Die Anweisungen der alten Meister, die noch heute genauso gilt, heißt: Nimm die Dinge wahr, aber hafte an sie nicht an, sondern lass sie ziehen, lass sie immer wieder gehen in den offenen Raum unseres Seins.
Und in diesem Zusammenhang haben sie uns die Übung mit dem Atem, bzw. mit den Koans mitgegeben.
Nimm wahr was ist - und da ist es gleichgültig, ob du in deinen ganz persönlichen Dingen ge- oder befangen bist, oder ob dich die grossen gesellschaftlichen Probleme umtreiben. Nimm all das wahr aber identifiziere dich nicht damit, sondern lass die Dinge wieder ziehen, hafte nicht an.
Verbinde all das mit deinem Atem, der kommt und geht.
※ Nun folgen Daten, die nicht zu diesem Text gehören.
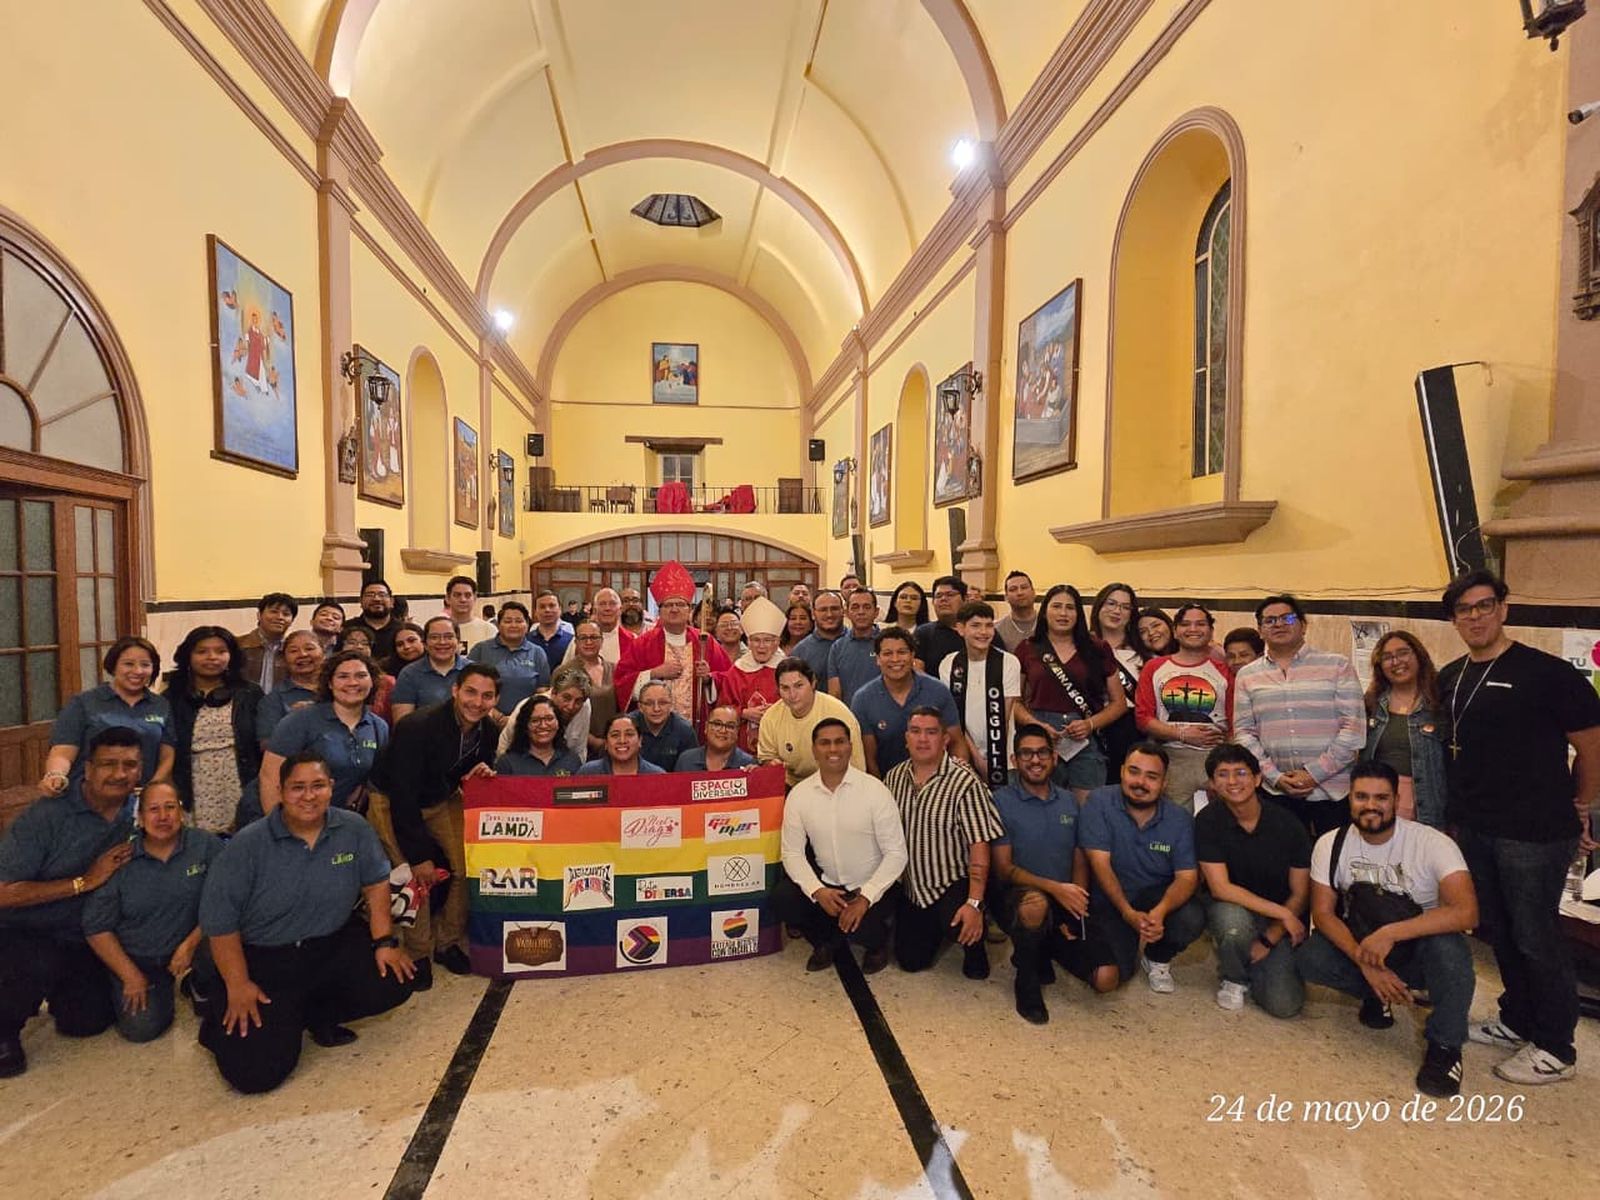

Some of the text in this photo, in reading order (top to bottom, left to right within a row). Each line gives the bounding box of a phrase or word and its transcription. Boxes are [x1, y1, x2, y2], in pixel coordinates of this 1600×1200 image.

Und nur weil du ausatmest, den Atem wieder gehen lässt, kann der neue Atem kommen, kannst du einatmen, kannst du leben.
So auch mit den Dingen, die dich unablässig beschäftigen, bedrängen. Versuche über das Ausatmen die Dinge ziehen zu lassen, die dein Leben eng machen.
Und über das Einatmen spüre dich wieder neu in deinem Körper, nimm so deine Einmaligkeit wahr, denn so wie du atmest, atmet sonst niemand auf der Welt. Spüre dich, nimm dich wahr so wie du bist. Und je mehr es dir gelingt bei dir zu sein, um so mehr wirst du frei von den anderen Menschen.
Du findest dich und in dir deine Sicherheit, indem du dich so wie du bist wahr-nehmen und annehmen kannst.
Und so wirst du ein Gegenüber für die, die oft so unklar und ungewiss sind.
Je mehr es uns gelingen kann bei uns zu sein, und das was uns unablässig beschäftigen auch zu lassen, um so mehr kommen wir in einem ganz direkten Sinne zu uns und in unsere Mitte. Spüren uns und entwickeln immer mehr ein Gefühl dafür, was uns gut tut und was nicht. Und so werden wir immer weniger von anderen und deren Denken und Fühlen abhängig.
Je mehr wir es lernen können die Spannungen, die wir wahrnehmen, auszuhalten und dann auch wieder gehen zu lassen und damit zur Ruhe und in einen Frieden zu kommen, um so mehr können wir dann auch in unsere kleine Umgebung, in der wir tagtäglich leben - aber auch in das grosse gesellschaftliche Netz Ruhe und Frieden und vielleicht auch Wandlung einspeisen.